§ WHAT TO DO
All lines after the one containing "this 1600×1200 image.", together with that line itself, should be written out exactly, down to the last line of the entries below.

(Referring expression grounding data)
----------

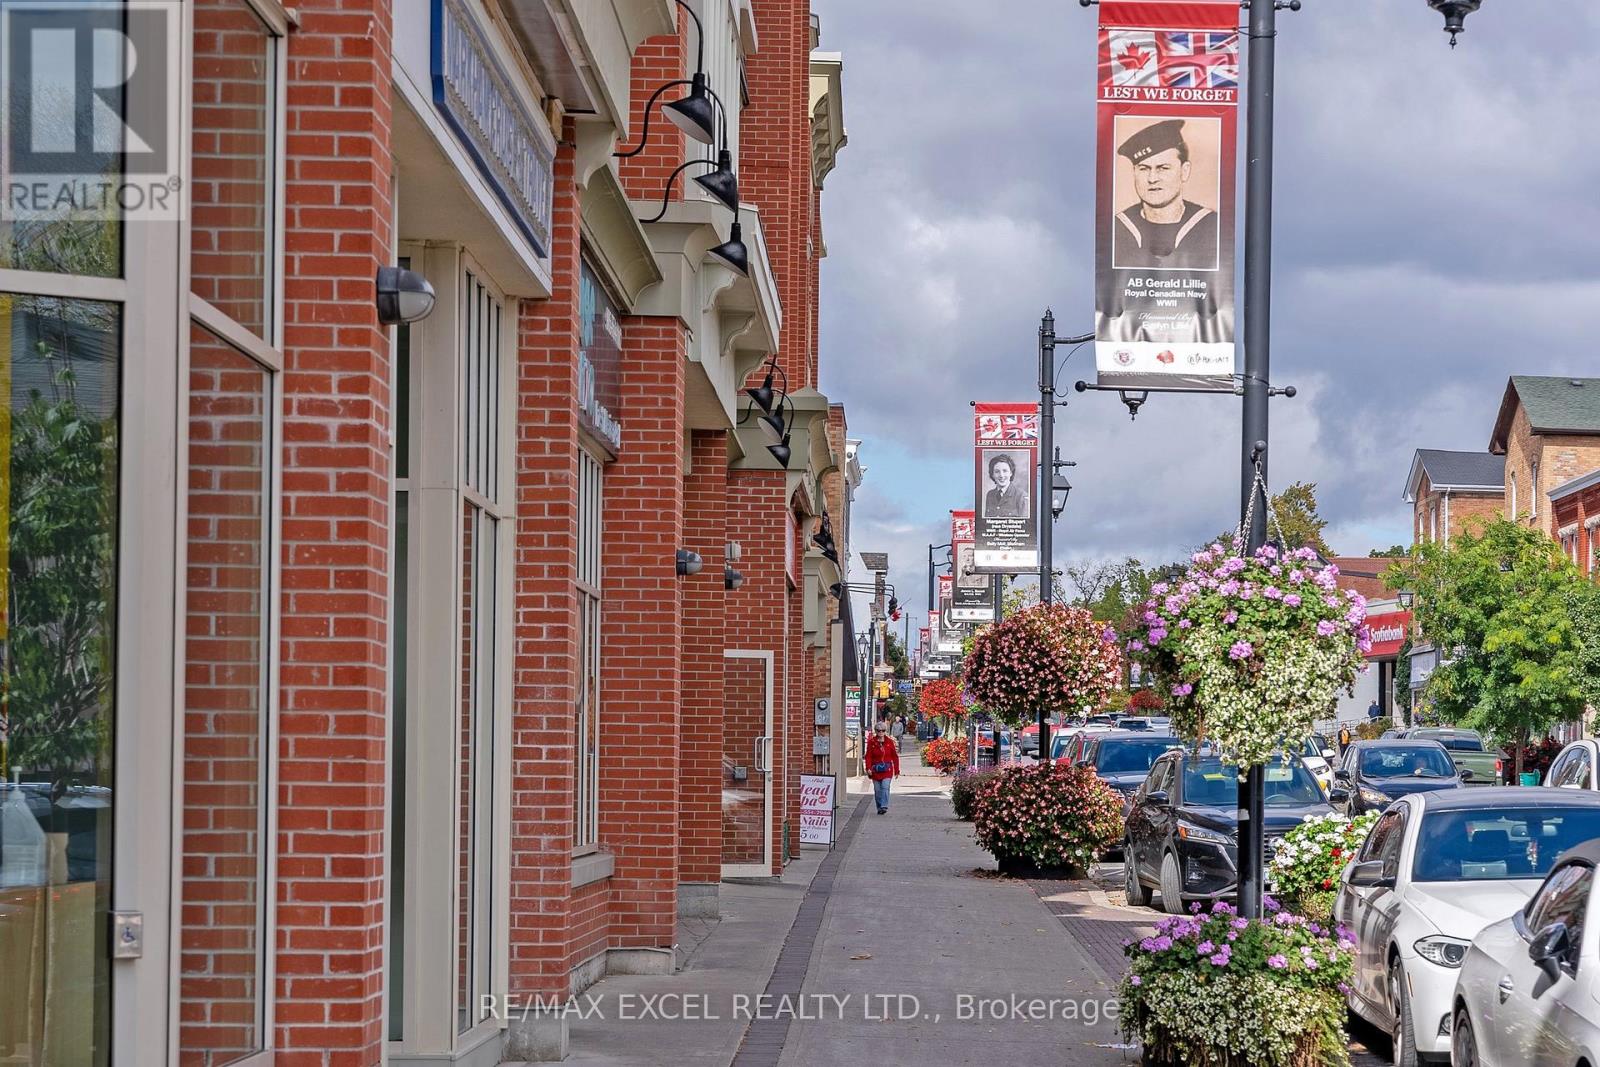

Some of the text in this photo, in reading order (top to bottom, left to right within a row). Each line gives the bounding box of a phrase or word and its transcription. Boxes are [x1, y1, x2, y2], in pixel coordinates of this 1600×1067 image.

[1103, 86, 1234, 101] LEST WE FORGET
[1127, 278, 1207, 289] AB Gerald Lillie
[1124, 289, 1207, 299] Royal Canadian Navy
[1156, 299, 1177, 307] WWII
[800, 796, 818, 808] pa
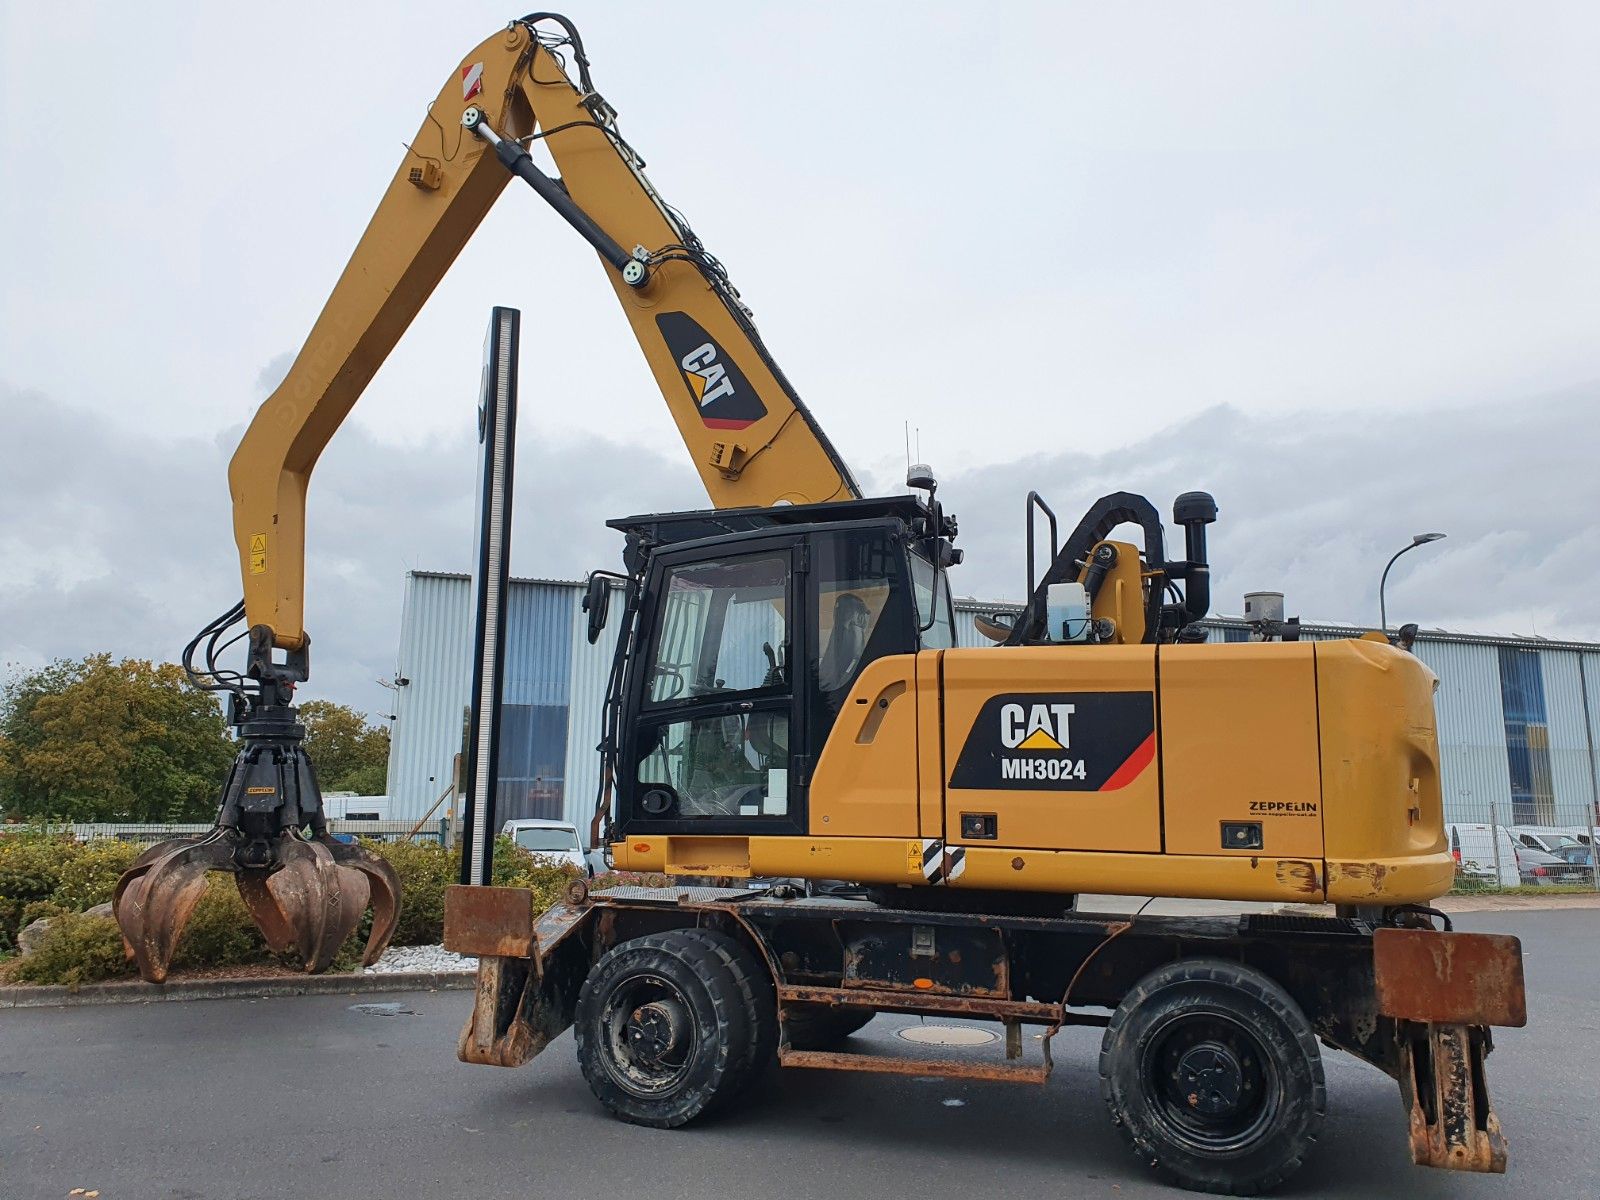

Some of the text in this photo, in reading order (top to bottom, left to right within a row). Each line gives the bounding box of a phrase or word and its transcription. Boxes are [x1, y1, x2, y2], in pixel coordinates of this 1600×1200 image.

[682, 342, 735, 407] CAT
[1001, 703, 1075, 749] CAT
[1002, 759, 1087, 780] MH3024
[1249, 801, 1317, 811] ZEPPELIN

----------

§ ANSWER SPACE
Some of the text in this photo, in reading order (top to bottom, left to right within a row). Each line gives the bounding box of a phrase or word and its transcription. Boxes are [x1, y1, x2, y2], in pixel coordinates of this 1600×1200 image.

[682, 342, 735, 407] CAT
[1001, 703, 1075, 749] CAT
[1002, 759, 1087, 780] MH3024
[1249, 801, 1317, 811] ZEPPELIN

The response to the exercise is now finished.